▶ Data excerpts:

· · · ·

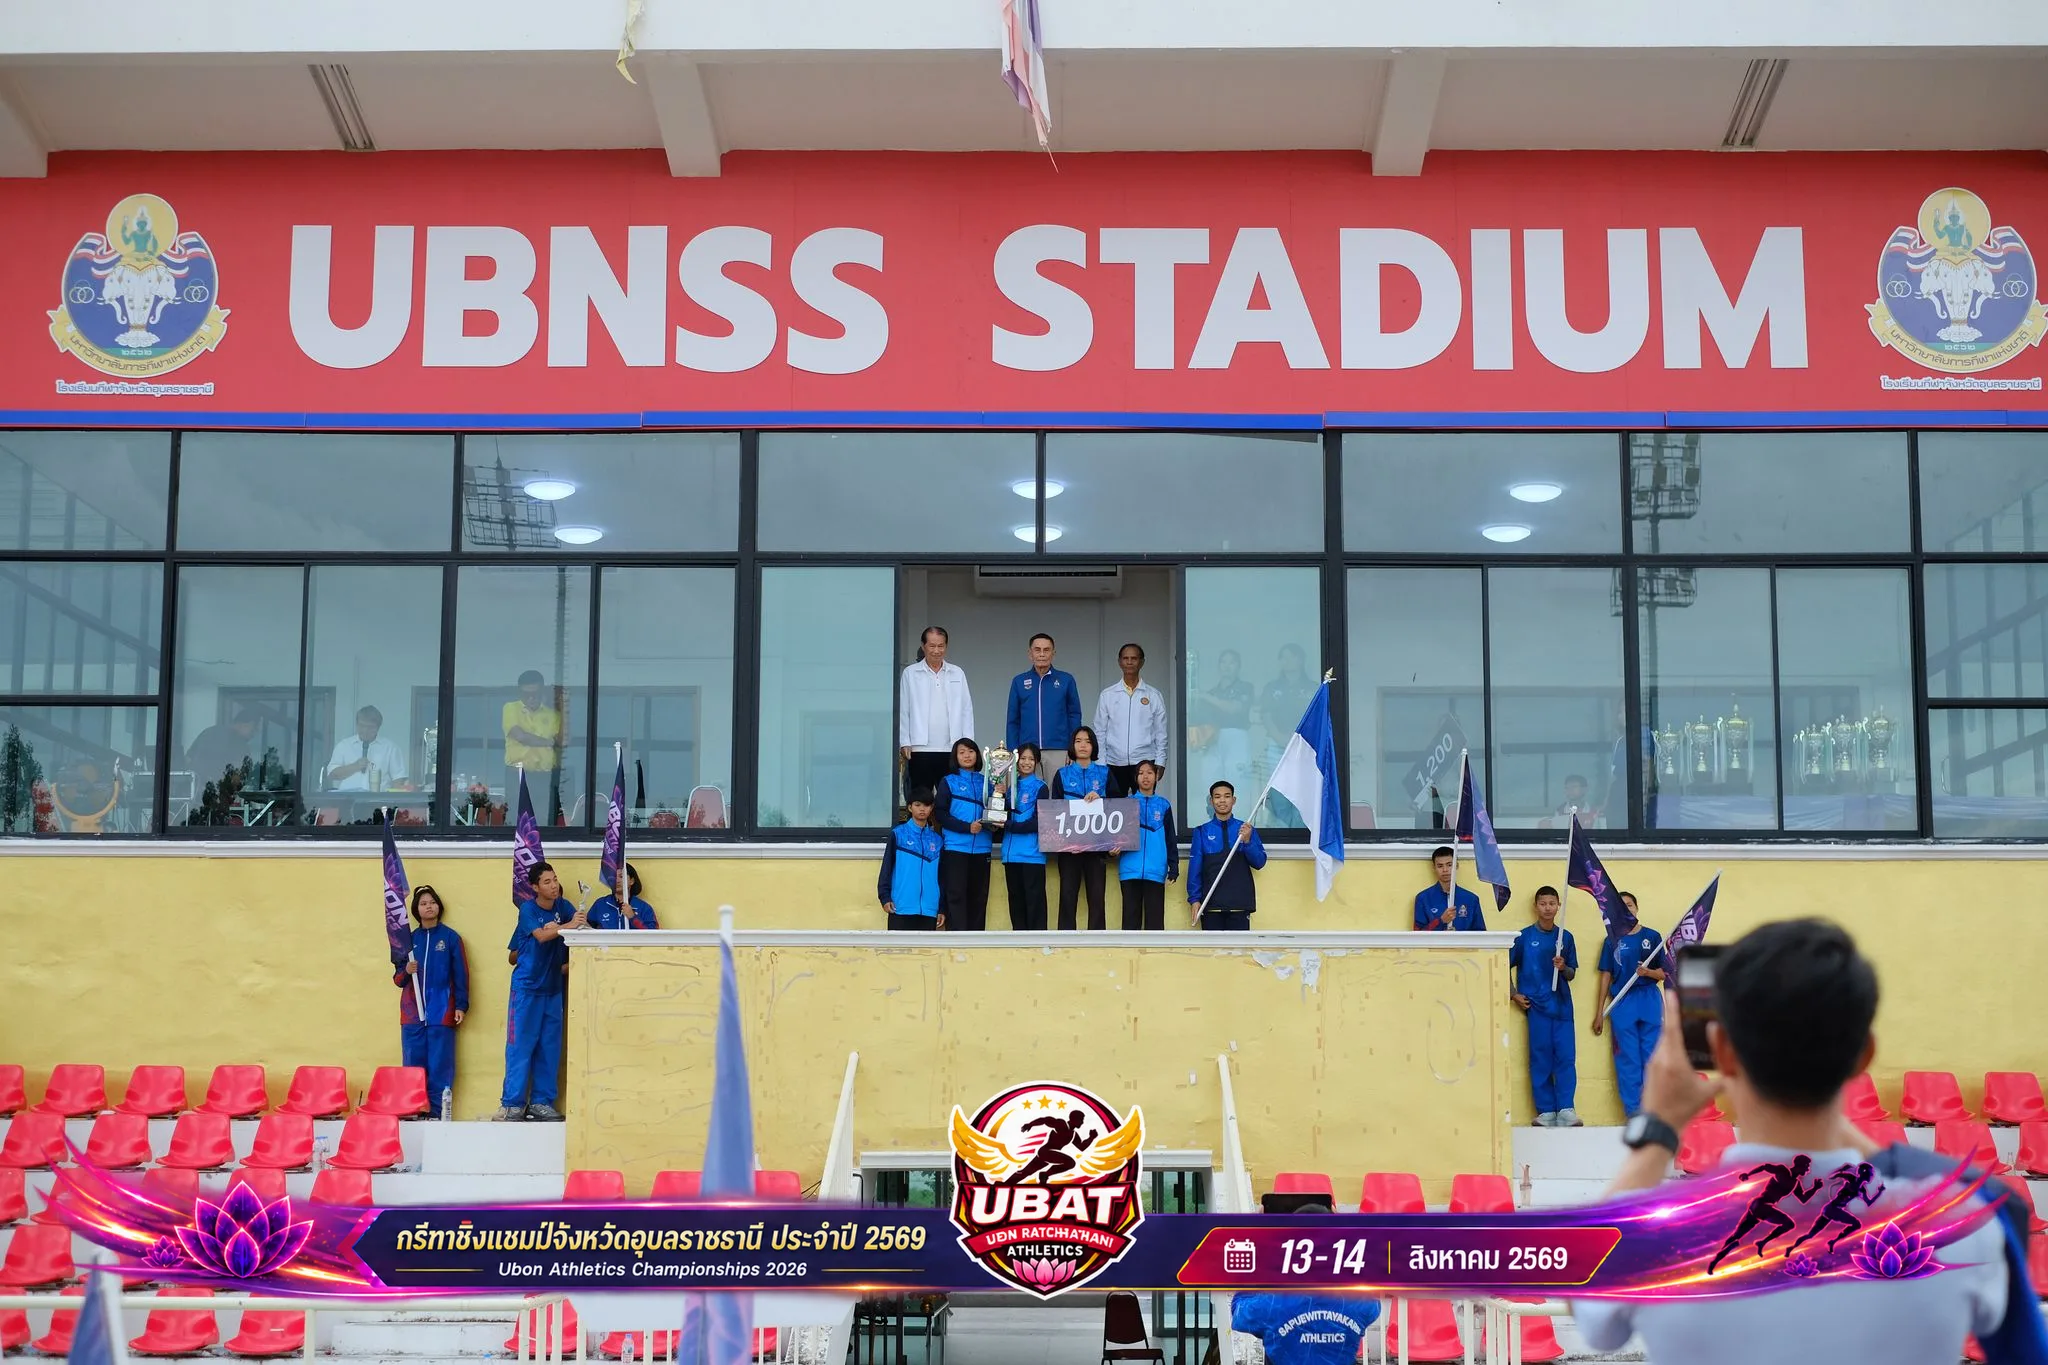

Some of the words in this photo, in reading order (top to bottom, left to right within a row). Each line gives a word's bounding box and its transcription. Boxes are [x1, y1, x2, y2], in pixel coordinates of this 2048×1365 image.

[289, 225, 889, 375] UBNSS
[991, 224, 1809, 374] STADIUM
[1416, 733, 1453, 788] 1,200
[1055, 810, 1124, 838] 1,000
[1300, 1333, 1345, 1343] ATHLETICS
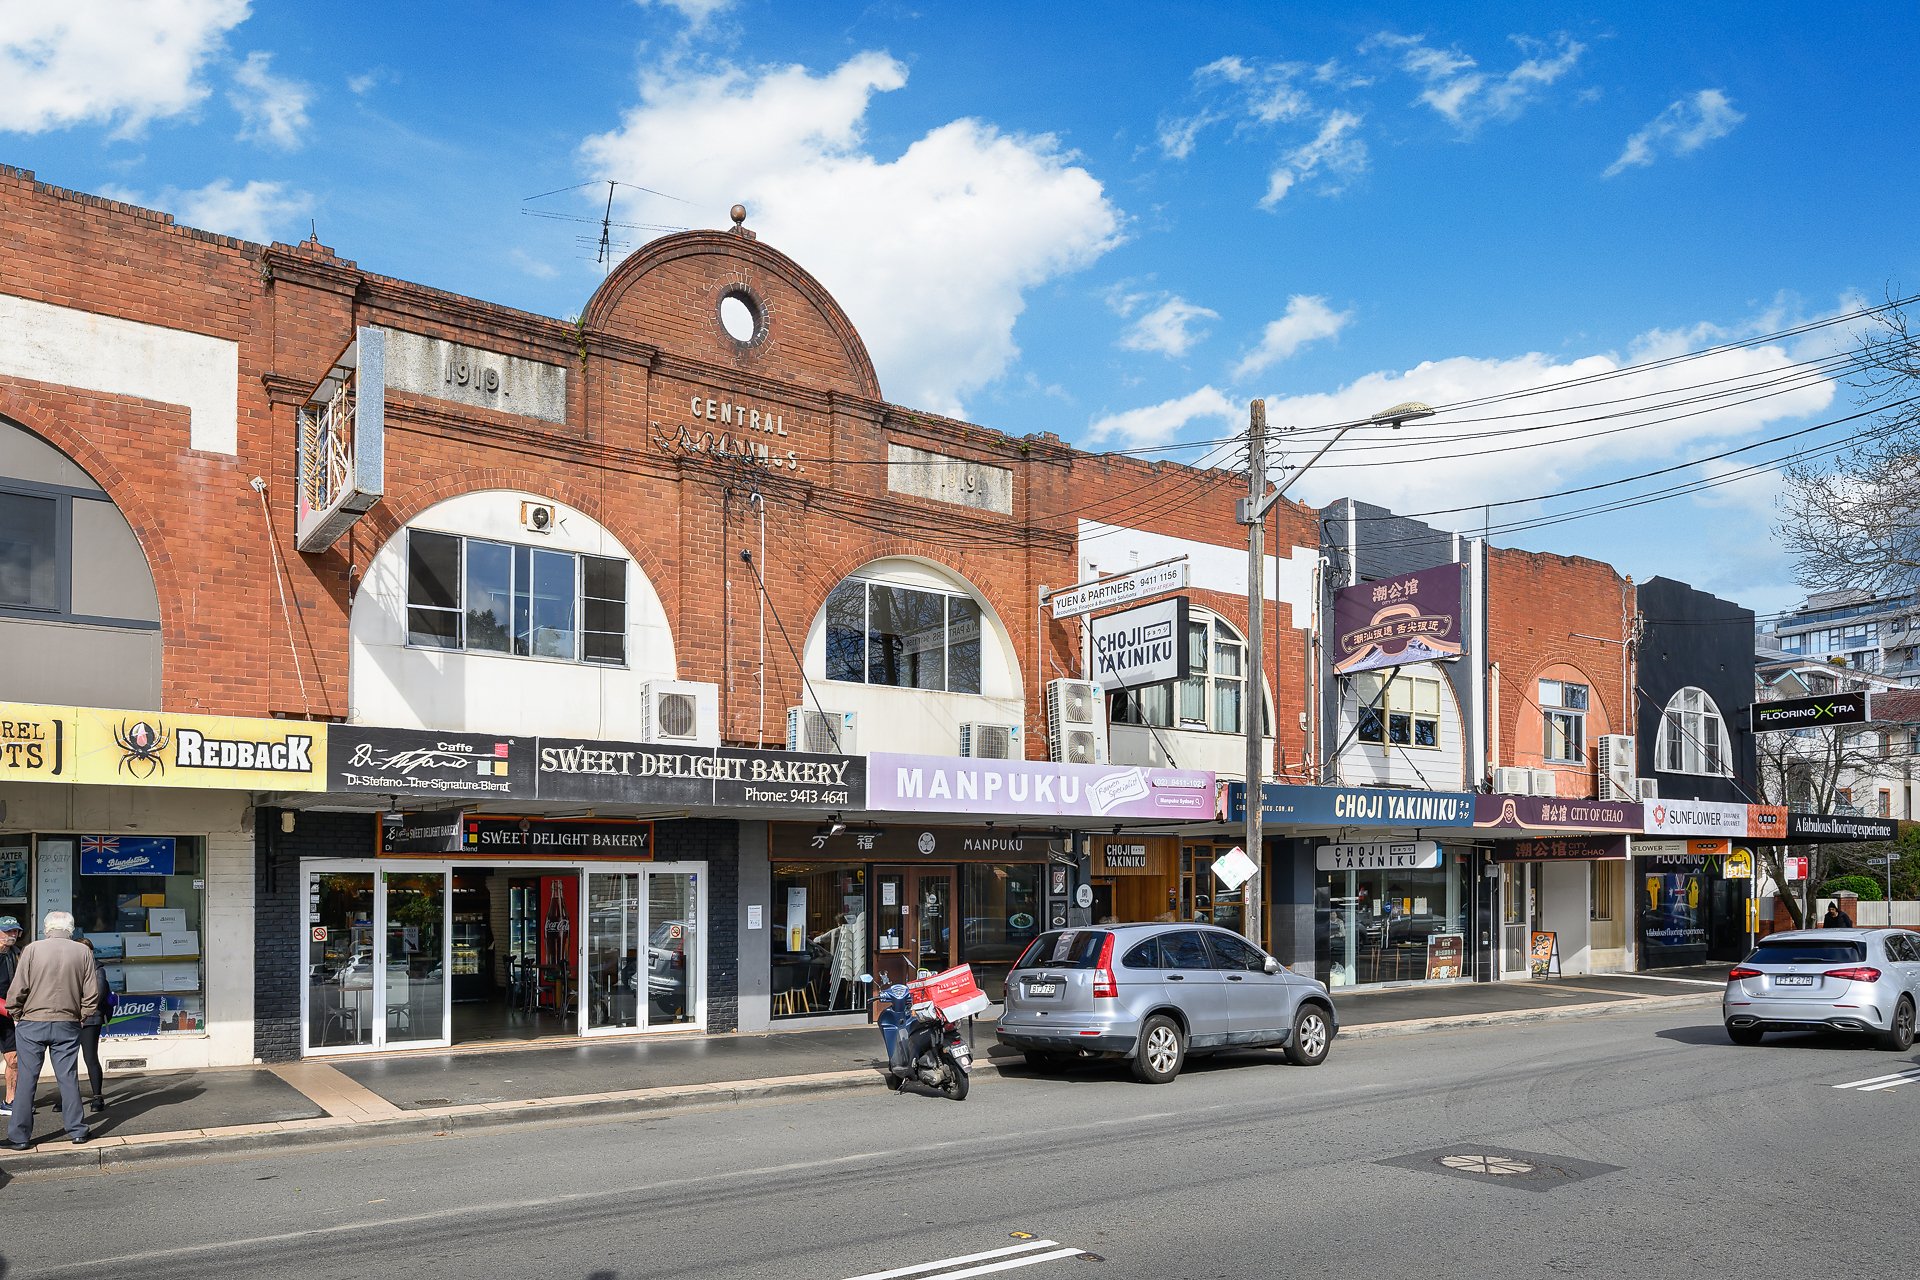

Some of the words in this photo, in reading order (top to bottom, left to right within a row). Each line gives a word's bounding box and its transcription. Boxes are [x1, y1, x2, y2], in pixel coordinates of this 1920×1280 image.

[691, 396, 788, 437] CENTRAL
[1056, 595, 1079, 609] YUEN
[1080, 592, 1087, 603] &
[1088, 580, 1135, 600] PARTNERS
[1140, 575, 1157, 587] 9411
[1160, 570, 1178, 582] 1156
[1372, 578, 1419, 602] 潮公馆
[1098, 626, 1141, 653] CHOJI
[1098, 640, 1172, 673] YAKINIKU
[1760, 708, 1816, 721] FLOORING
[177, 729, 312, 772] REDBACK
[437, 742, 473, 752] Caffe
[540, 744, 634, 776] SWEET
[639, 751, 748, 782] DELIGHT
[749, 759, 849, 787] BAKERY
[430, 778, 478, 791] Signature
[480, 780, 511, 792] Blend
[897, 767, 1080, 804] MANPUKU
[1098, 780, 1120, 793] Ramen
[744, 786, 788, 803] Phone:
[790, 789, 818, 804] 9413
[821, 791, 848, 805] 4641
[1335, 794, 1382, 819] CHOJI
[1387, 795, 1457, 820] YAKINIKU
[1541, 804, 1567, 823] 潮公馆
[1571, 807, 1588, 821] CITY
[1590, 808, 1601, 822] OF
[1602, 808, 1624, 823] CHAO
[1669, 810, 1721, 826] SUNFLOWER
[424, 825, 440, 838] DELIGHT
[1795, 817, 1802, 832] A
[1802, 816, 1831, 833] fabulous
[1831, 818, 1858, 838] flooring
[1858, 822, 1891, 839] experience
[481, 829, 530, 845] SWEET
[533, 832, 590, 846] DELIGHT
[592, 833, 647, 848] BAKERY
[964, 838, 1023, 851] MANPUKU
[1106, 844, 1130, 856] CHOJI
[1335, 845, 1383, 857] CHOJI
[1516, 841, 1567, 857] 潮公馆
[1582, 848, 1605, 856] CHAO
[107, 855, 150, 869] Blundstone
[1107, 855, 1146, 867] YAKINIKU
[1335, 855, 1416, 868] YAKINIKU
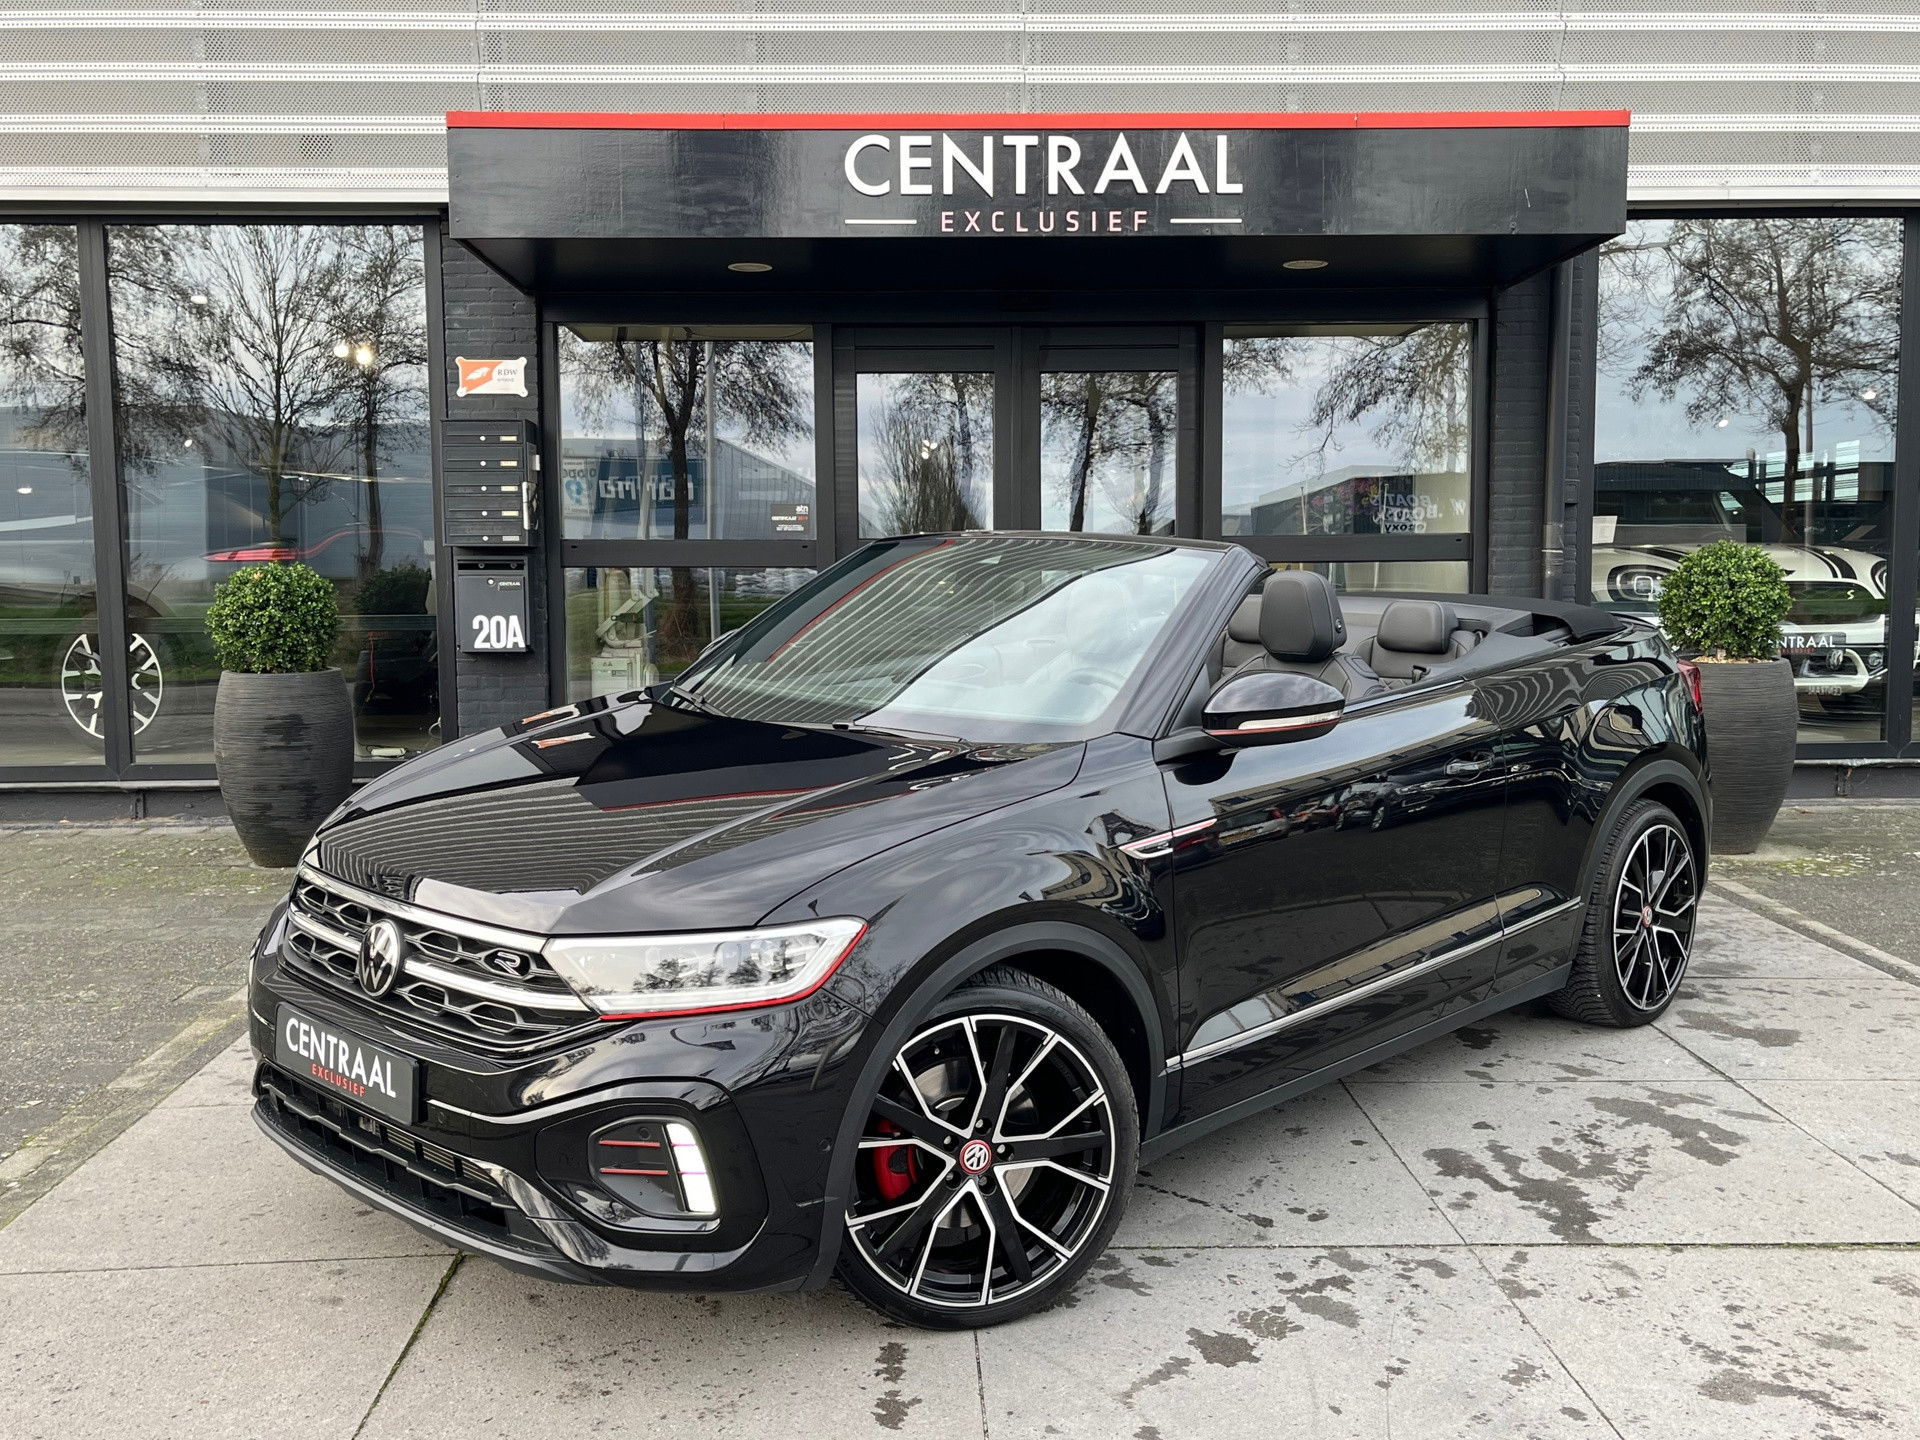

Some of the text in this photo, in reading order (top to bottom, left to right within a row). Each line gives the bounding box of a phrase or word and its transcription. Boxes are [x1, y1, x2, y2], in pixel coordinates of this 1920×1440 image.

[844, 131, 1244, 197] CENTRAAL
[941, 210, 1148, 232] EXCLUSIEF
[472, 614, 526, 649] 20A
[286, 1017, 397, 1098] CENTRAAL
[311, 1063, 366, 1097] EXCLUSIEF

· · · ·

▶ Task objective: If the data includes images, skip them and copy every line exactly.

▶ Solution to this exercise:
Some of the words in this photo, in reading order (top to bottom, left to right within a row). Each line gives a word's bounding box and its transcription. Boxes are [x1, y1, x2, y2], in pixel coordinates of this 2048×1365 image.

[289, 225, 889, 375] UBNSS
[991, 224, 1809, 374] STADIUM
[1416, 733, 1453, 788] 1,200
[1055, 810, 1124, 838] 1,000
[1300, 1333, 1345, 1343] ATHLETICS

Some of the words in this photo, in reading order (top to bottom, left to right within a row). Each line gives a word's bounding box and its transcription. Boxes are [x1, y1, x2, y2], in pixel coordinates of this 1920×1280 image.

[691, 396, 788, 437] CENTRAL
[1056, 595, 1079, 609] YUEN
[1080, 592, 1087, 603] &
[1088, 580, 1135, 600] PARTNERS
[1140, 575, 1157, 587] 9411
[1160, 570, 1178, 582] 1156
[1372, 578, 1419, 602] 潮公馆
[1098, 626, 1141, 653] CHOJI
[1098, 640, 1172, 673] YAKINIKU
[1760, 708, 1816, 721] FLOORING
[177, 729, 312, 772] REDBACK
[437, 742, 473, 752] Caffe
[540, 744, 634, 776] SWEET
[639, 751, 748, 782] DELIGHT
[749, 759, 849, 787] BAKERY
[430, 778, 478, 791] Signature
[480, 780, 511, 792] Blend
[897, 767, 1080, 804] MANPUKU
[1098, 780, 1120, 793] Ramen
[744, 786, 788, 803] Phone:
[790, 789, 818, 804] 9413
[821, 791, 848, 805] 4641
[1335, 794, 1382, 819] CHOJI
[1387, 795, 1457, 820] YAKINIKU
[1541, 804, 1567, 823] 潮公馆
[1571, 807, 1588, 821] CITY
[1590, 808, 1601, 822] OF
[1602, 808, 1624, 823] CHAO
[1669, 810, 1721, 826] SUNFLOWER
[424, 825, 440, 838] DELIGHT
[1795, 817, 1802, 832] A
[1802, 816, 1831, 833] fabulous
[1831, 818, 1858, 838] flooring
[1858, 822, 1891, 839] experience
[481, 829, 530, 845] SWEET
[533, 832, 590, 846] DELIGHT
[592, 833, 647, 848] BAKERY
[964, 838, 1023, 851] MANPUKU
[1106, 844, 1130, 856] CHOJI
[1335, 845, 1383, 857] CHOJI
[1516, 841, 1567, 857] 潮公馆
[1582, 848, 1605, 856] CHAO
[107, 855, 150, 869] Blundstone
[1107, 855, 1146, 867] YAKINIKU
[1335, 855, 1416, 868] YAKINIKU

Some of the text in this photo, in reading order (top to bottom, left to right within a row). Each line gives the bounding box of a phrase or word and its transcription. Boxes are [x1, y1, x2, y2], in pixel coordinates of this 1920×1440 image.

[844, 131, 1244, 197] CENTRAAL
[941, 210, 1148, 232] EXCLUSIEF
[472, 614, 526, 649] 20A
[286, 1017, 397, 1098] CENTRAAL
[311, 1063, 366, 1097] EXCLUSIEF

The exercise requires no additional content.